* [What you need to do]:
From the line holding "this 1800×1013 image." to the final line below, restate each line word for word and add nothing.

* [Extracted material]:
·····

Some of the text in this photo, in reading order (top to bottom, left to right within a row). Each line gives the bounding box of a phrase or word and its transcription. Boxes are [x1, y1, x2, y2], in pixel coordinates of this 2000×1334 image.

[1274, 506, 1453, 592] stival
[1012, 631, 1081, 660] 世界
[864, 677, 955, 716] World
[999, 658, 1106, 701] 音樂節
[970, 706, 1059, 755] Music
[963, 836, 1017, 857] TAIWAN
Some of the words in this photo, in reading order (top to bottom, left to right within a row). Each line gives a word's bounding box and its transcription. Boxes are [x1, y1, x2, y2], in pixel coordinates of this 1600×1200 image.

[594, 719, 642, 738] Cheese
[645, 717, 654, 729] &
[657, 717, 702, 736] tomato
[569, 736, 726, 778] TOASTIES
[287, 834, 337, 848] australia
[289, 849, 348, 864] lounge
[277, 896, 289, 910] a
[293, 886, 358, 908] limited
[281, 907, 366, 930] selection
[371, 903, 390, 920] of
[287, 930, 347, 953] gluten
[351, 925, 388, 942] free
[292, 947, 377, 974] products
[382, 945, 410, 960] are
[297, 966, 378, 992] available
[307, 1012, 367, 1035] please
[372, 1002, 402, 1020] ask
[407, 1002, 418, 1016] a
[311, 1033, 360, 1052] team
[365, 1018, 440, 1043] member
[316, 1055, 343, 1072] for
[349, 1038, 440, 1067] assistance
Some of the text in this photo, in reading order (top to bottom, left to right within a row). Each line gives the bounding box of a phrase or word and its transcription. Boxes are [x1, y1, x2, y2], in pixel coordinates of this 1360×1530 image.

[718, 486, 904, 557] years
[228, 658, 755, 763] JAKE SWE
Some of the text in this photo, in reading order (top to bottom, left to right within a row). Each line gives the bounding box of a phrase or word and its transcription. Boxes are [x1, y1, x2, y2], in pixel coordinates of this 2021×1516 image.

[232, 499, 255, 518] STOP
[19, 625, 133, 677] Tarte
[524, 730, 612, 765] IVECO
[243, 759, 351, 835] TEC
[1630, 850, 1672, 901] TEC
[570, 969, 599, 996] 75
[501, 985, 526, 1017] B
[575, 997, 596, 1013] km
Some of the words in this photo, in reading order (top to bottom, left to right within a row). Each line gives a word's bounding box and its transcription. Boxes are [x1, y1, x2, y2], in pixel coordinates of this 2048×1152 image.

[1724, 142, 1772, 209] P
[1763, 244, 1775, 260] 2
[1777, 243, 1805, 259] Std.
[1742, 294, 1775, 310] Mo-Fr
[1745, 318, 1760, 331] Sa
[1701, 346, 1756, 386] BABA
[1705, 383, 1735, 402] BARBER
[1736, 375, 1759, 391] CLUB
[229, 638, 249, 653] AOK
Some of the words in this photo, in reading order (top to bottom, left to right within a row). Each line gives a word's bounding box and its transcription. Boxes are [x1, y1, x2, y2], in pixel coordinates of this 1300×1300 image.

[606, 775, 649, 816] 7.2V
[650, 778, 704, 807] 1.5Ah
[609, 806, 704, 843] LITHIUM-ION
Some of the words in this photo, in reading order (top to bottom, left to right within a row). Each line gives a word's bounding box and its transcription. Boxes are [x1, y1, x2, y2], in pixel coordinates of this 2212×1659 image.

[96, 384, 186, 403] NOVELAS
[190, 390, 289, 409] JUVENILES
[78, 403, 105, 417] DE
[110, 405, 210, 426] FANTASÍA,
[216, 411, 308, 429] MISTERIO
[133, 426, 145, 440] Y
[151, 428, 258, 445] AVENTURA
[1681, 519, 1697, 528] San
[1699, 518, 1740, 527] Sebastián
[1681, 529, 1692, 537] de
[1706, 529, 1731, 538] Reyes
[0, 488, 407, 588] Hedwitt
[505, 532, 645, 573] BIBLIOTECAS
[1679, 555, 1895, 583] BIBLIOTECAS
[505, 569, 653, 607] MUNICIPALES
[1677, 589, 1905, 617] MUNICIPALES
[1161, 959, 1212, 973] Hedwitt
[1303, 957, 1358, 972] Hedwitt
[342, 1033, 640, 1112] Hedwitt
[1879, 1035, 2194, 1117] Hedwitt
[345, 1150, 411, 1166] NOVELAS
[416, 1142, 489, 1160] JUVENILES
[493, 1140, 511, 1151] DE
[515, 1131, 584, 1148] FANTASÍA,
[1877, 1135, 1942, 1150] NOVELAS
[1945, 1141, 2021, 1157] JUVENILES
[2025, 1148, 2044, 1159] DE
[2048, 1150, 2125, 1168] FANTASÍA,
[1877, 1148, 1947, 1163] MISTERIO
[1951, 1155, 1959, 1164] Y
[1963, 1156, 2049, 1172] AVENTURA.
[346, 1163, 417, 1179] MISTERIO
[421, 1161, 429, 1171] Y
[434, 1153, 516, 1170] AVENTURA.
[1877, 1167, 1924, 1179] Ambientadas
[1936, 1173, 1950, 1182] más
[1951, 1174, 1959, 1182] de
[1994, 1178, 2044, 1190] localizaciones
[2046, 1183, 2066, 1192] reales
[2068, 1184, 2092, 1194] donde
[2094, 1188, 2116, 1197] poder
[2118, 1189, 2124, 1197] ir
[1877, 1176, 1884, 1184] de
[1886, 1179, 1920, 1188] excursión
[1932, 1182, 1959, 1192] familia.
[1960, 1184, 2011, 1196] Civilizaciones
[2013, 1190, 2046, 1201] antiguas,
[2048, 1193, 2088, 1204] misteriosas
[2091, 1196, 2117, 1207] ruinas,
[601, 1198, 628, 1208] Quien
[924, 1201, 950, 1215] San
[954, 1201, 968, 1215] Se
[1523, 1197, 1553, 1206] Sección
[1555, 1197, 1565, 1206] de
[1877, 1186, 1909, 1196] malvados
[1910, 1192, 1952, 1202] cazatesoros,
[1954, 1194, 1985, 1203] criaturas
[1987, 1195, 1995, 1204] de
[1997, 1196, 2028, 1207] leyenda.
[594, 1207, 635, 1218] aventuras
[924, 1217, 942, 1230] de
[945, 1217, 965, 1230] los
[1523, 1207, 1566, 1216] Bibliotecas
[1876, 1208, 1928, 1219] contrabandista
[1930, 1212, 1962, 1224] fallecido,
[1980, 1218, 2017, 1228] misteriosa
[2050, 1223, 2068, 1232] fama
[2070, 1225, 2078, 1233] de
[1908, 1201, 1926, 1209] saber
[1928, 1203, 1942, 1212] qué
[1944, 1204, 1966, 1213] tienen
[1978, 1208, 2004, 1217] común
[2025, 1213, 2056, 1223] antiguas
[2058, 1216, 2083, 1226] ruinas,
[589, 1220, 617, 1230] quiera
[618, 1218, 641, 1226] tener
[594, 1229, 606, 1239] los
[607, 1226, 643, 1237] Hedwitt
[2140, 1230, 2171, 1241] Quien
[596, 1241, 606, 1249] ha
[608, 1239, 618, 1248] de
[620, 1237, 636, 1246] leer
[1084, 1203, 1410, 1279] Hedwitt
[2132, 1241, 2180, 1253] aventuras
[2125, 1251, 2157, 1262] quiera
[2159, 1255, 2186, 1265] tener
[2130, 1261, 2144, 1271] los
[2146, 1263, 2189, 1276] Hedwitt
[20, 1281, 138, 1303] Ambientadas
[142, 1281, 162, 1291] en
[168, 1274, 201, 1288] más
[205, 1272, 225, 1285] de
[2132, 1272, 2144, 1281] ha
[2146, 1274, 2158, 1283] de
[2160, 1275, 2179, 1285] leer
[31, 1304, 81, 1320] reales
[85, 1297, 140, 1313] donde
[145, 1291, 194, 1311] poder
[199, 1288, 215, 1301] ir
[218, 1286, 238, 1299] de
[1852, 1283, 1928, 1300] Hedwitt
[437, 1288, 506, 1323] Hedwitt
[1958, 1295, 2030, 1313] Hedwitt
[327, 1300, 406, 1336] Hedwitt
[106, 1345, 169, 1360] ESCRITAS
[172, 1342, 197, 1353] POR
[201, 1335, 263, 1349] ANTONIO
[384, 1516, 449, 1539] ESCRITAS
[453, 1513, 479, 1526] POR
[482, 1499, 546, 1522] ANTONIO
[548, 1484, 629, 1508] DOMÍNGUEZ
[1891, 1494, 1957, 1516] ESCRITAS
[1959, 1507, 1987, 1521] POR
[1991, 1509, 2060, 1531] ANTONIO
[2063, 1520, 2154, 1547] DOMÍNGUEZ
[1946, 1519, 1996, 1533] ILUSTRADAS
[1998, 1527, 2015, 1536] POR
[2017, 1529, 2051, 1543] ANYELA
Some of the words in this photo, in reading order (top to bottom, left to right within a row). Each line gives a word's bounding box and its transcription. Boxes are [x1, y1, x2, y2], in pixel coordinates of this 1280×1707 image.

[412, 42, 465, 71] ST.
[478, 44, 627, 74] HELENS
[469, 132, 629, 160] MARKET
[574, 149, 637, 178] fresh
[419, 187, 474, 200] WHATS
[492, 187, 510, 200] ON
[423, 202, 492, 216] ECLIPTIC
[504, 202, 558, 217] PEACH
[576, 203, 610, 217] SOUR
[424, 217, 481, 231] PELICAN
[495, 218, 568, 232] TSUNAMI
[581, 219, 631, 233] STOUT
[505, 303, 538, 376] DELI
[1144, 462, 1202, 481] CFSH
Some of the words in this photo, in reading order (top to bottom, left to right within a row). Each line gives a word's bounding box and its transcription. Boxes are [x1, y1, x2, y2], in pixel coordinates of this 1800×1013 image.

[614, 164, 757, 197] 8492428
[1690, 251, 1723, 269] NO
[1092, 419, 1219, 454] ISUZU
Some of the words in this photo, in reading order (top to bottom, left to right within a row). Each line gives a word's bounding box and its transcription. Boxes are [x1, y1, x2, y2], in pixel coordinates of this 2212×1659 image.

·····

* [Response to this task]:
Some of the words in this photo, in reading order (top to bottom, left to right within a row). Each line gives a word's bounding box and its transcription. Boxes are [x1, y1, x2, y2], in pixel coordinates of this 1800×1013 image.

[614, 164, 757, 197] 8492428
[1690, 251, 1723, 269] NO
[1092, 419, 1219, 454] ISUZU
Some of the words in this photo, in reading order (top to bottom, left to right within a row). Each line gives a word's bounding box and its transcription. Boxes are [x1, y1, x2, y2], in pixel coordinates of this 2212×1659 image.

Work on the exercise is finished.